### YOUR TASK
Exact wording is required for every entry; transcribe all of them and leave the images out.

*** Opening PROVIDED RECORDS ***

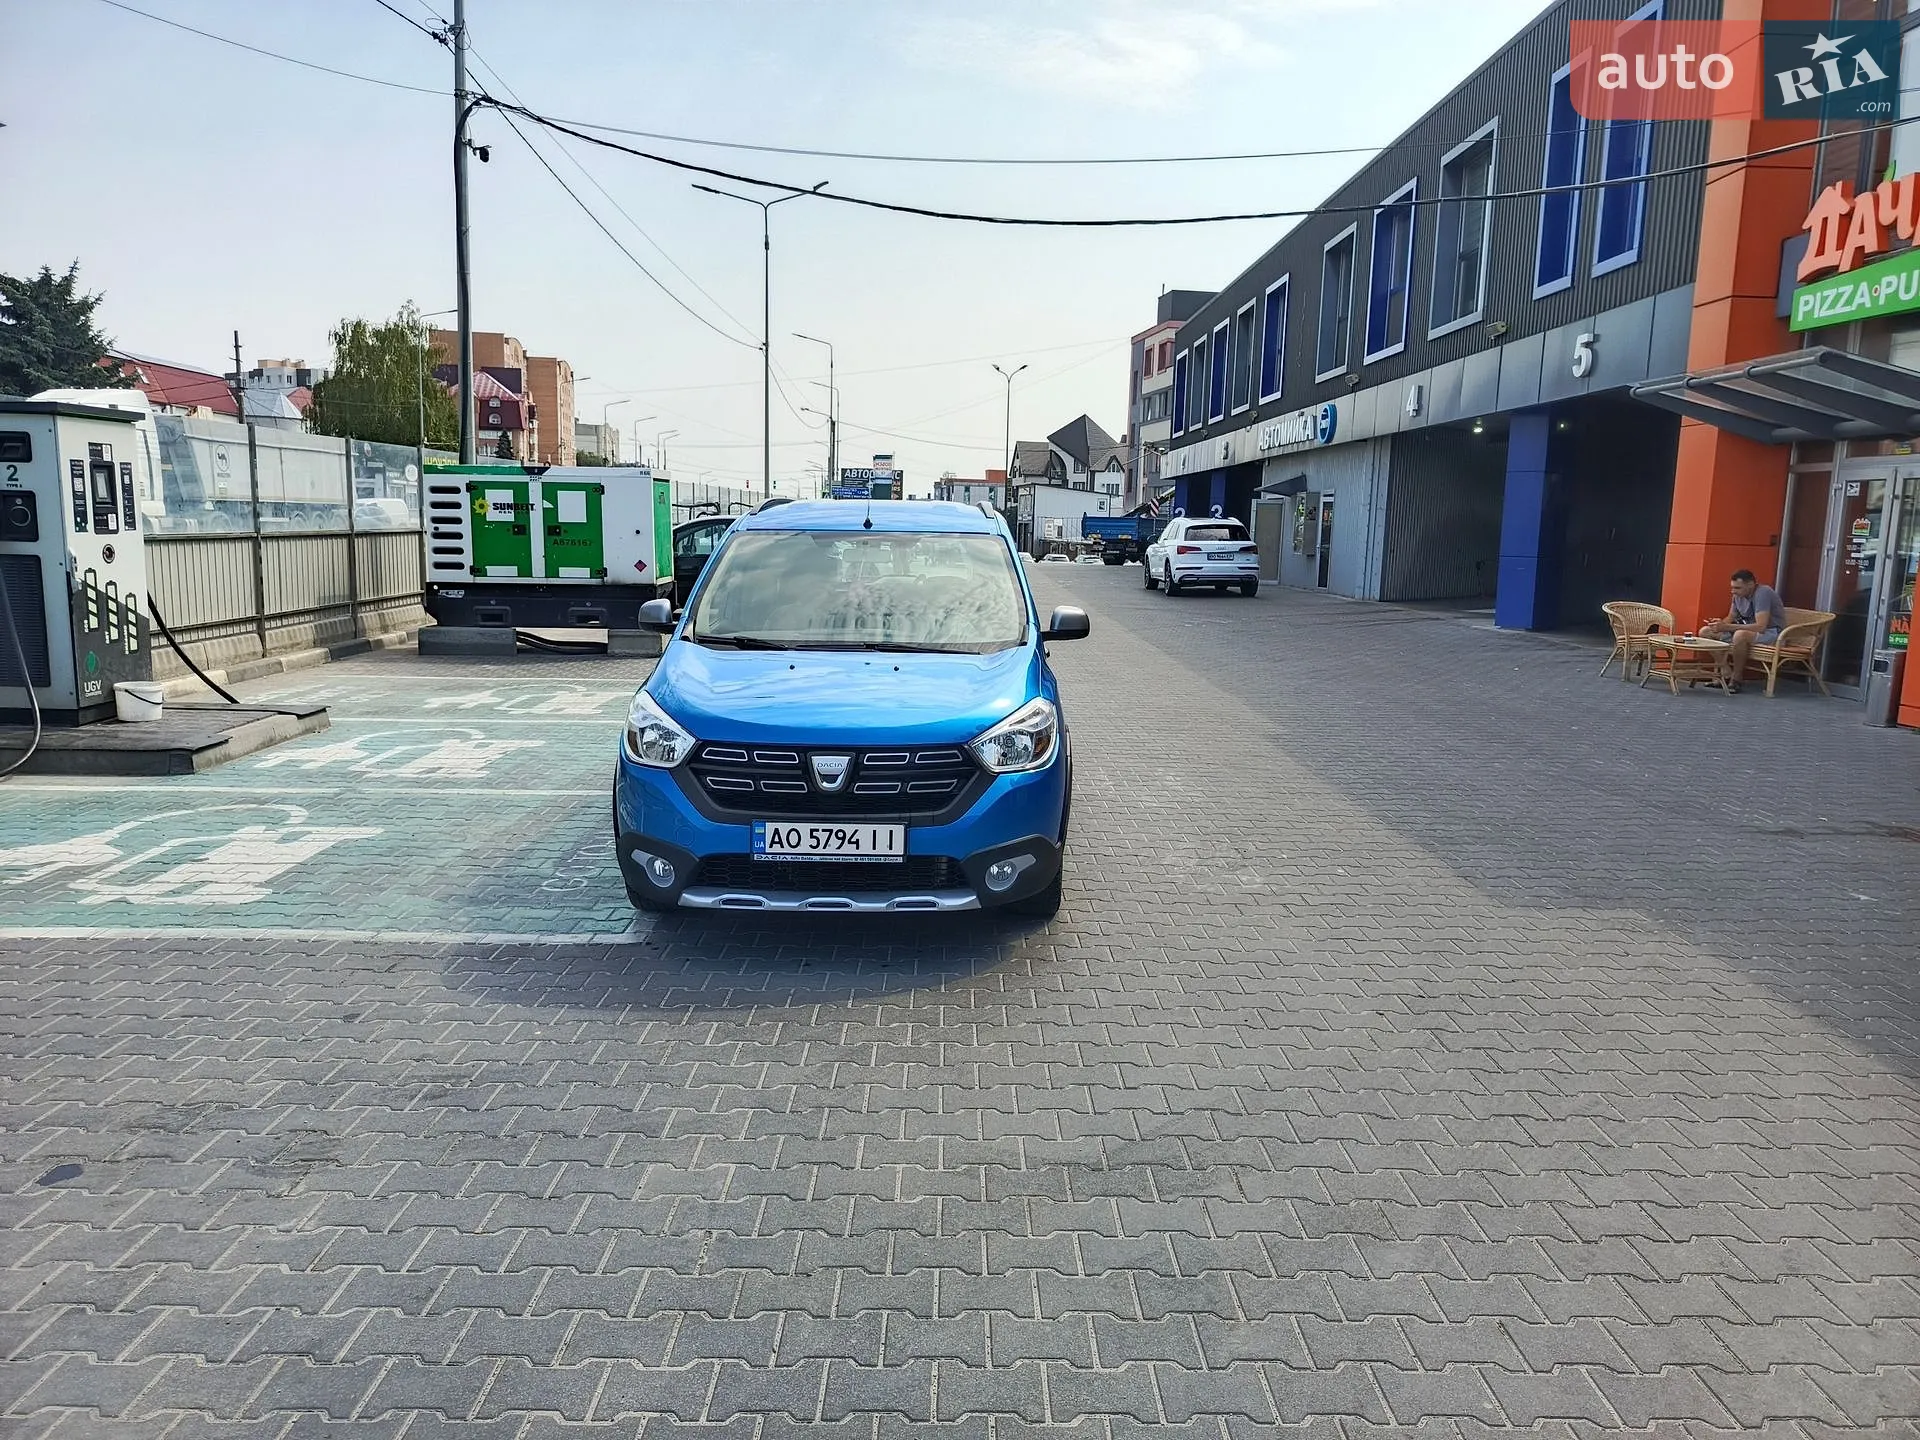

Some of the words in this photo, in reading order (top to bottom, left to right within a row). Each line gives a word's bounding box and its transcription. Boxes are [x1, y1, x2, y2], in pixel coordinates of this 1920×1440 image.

[1796, 172, 1920, 282] ДАЧ
[1797, 281, 1872, 321] PIZZA
[1878, 269, 1920, 305] PU
[1571, 333, 1594, 378] 5
[1405, 384, 1420, 417] 4
[1258, 412, 1316, 450] АВТОМИЙКА
[6, 464, 19, 481] 2
[492, 503, 535, 511] SUNBELT
[84, 680, 101, 692] UGV
[769, 828, 801, 849] AO
[809, 828, 860, 850] 5794
[872, 829, 893, 851] II
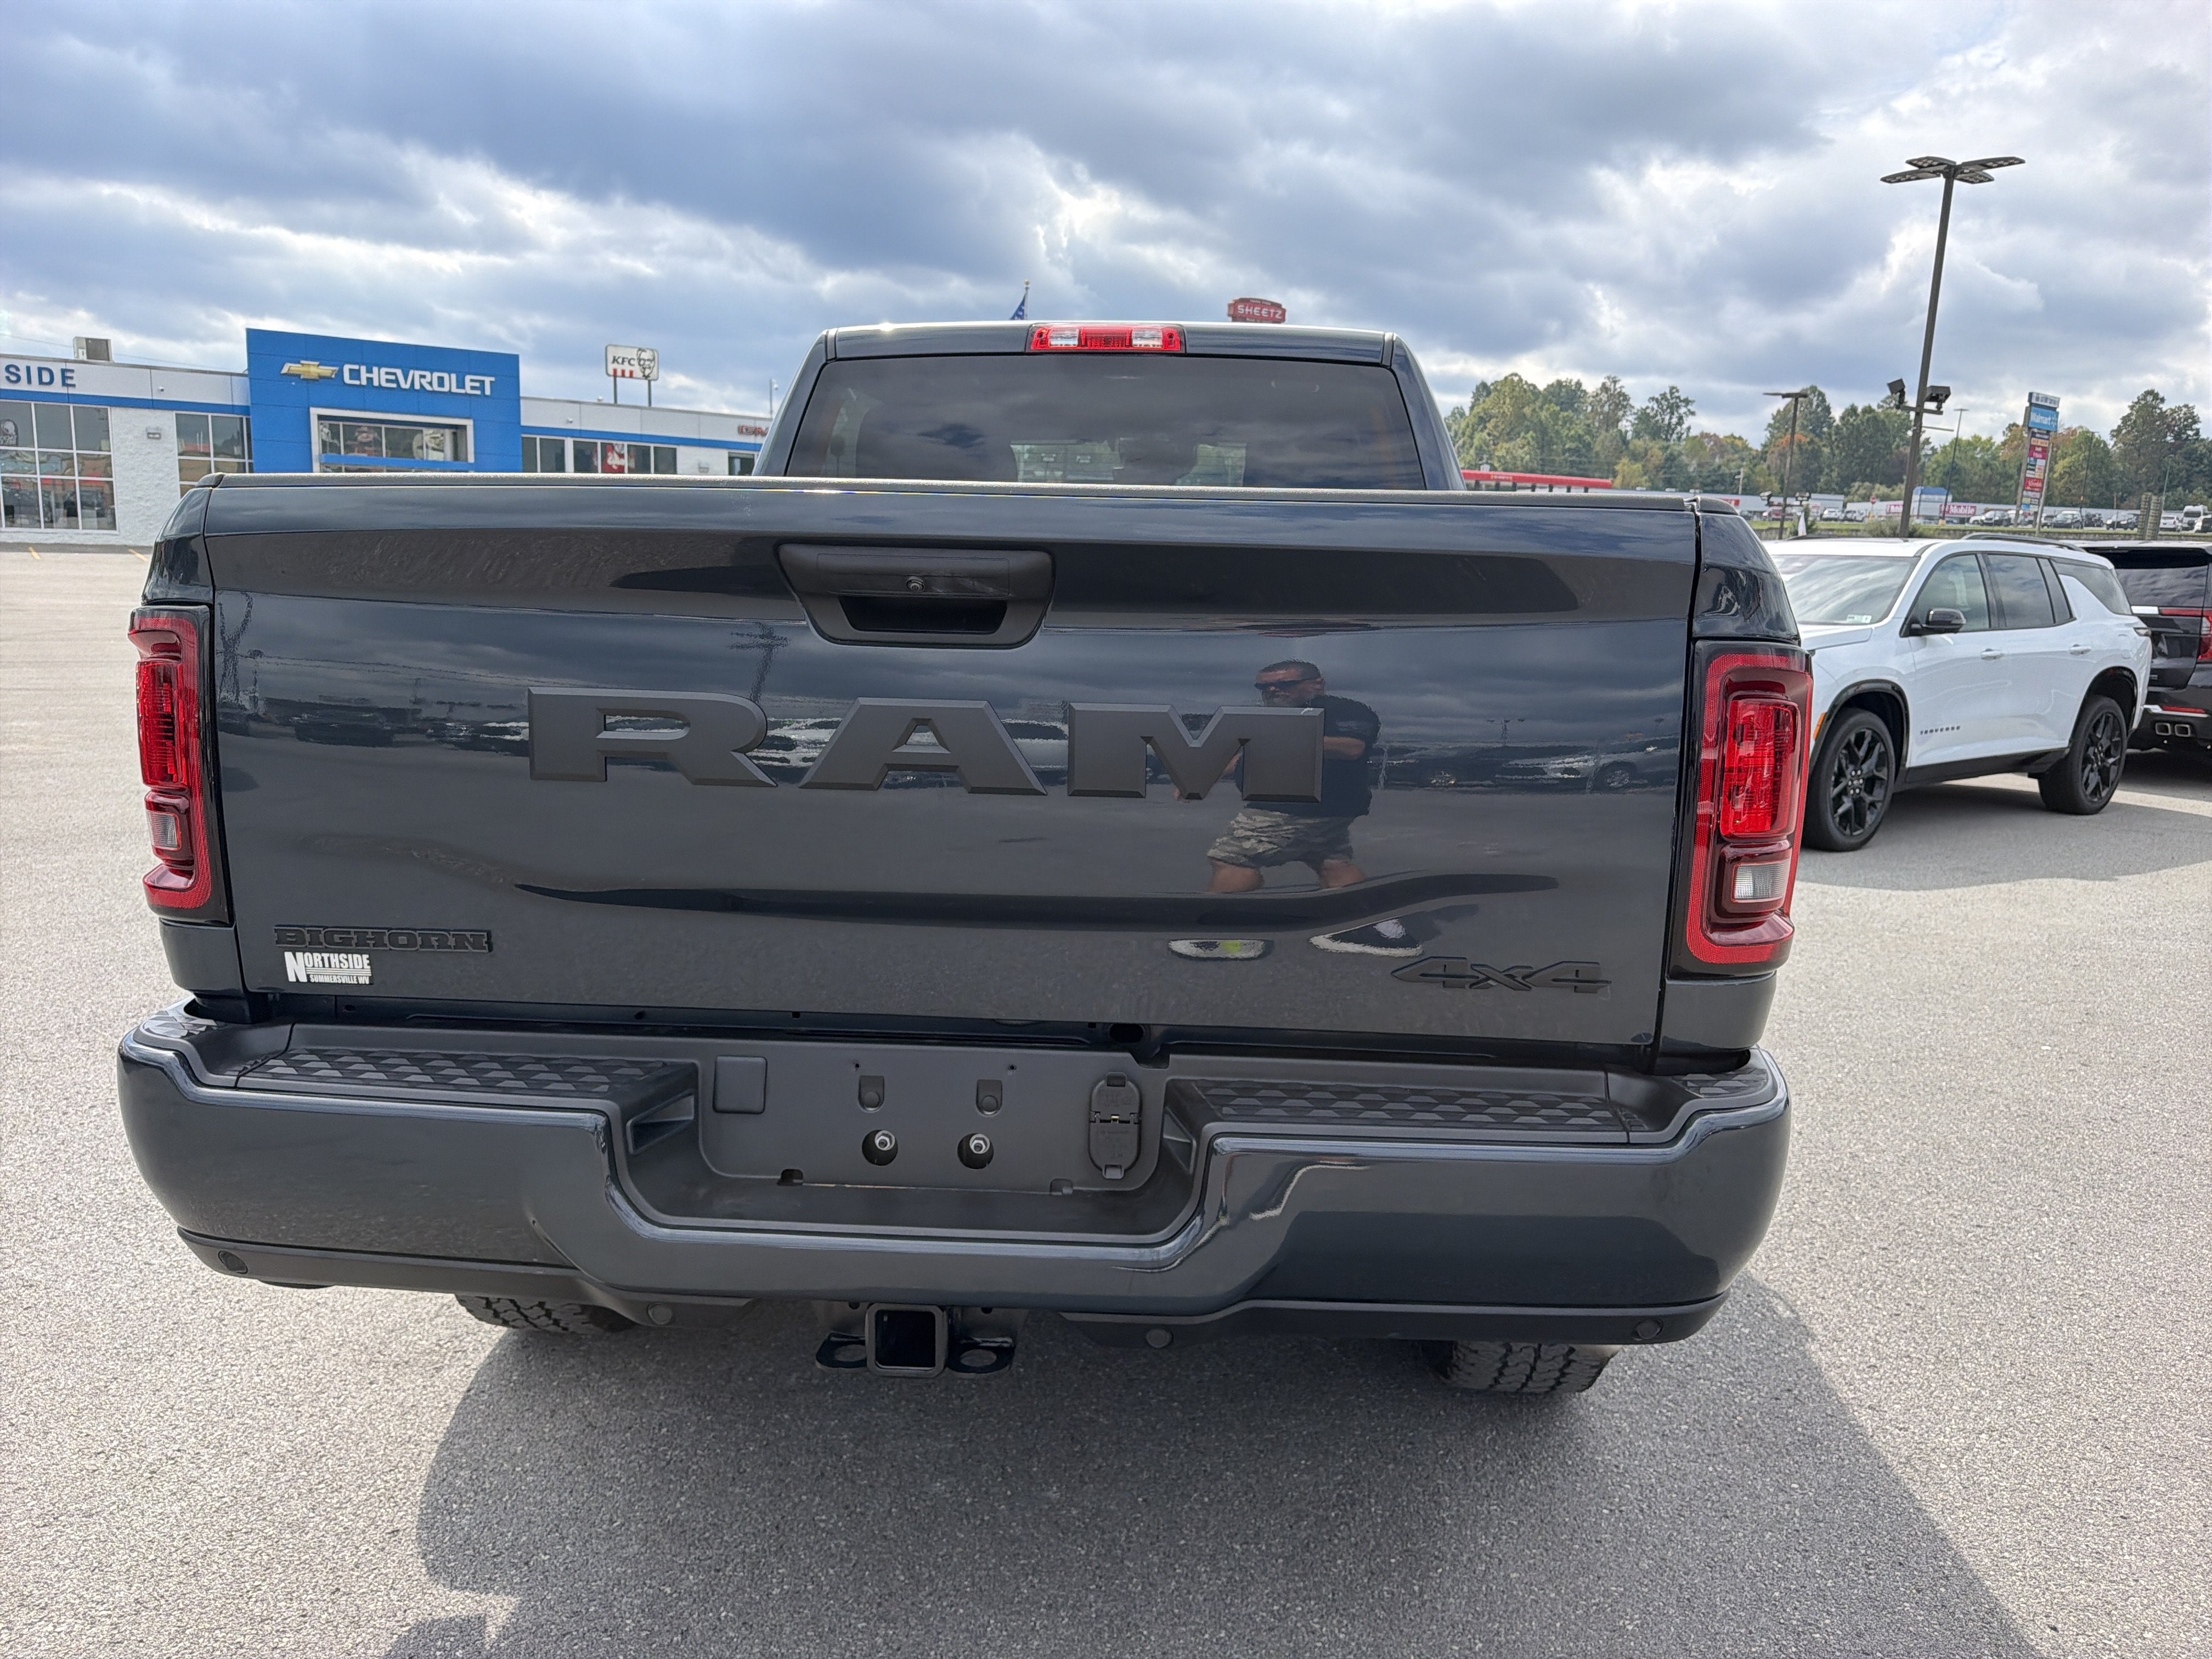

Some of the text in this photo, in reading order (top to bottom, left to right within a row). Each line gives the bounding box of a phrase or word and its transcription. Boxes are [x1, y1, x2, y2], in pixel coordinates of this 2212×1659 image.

[1237, 304, 1282, 318] SHEETZ
[612, 355, 635, 366] KFC
[4, 364, 76, 387] SIDE
[343, 364, 495, 396] CHEVROLET
[2030, 411, 2051, 425] Walmart
[738, 425, 769, 437] GM
[528, 686, 1325, 803] RAM
[274, 924, 492, 953] BIGHORN
[284, 951, 371, 983] NORTHSIDE
[309, 974, 370, 985] SUMMERSVILLE WV

*** Closing PROVIDED RECORDS ***

### OUTPUT FOR THIS TASK
Some of the words in this photo, in reading order (top to bottom, left to right within a row). Each line gives a word's bounding box and its transcription. Boxes are [x1, y1, x2, y2], in pixel coordinates of this 1920×1440 image.

[1796, 172, 1920, 282] ДАЧ
[1797, 281, 1872, 321] PIZZA
[1878, 269, 1920, 305] PU
[1571, 333, 1594, 378] 5
[1405, 384, 1420, 417] 4
[1258, 412, 1316, 450] АВТОМИЙКА
[6, 464, 19, 481] 2
[492, 503, 535, 511] SUNBELT
[84, 680, 101, 692] UGV
[769, 828, 801, 849] AO
[809, 828, 860, 850] 5794
[872, 829, 893, 851] II

Some of the text in this photo, in reading order (top to bottom, left to right within a row). Each line gives the bounding box of a phrase or word and its transcription. Boxes are [x1, y1, x2, y2], in pixel coordinates of this 2212×1659 image.

[1237, 304, 1282, 318] SHEETZ
[612, 355, 635, 366] KFC
[4, 364, 76, 387] SIDE
[343, 364, 495, 396] CHEVROLET
[2030, 411, 2051, 425] Walmart
[738, 425, 769, 437] GM
[528, 686, 1325, 803] RAM
[274, 924, 492, 953] BIGHORN
[284, 951, 371, 983] NORTHSIDE
[309, 974, 370, 985] SUMMERSVILLE WV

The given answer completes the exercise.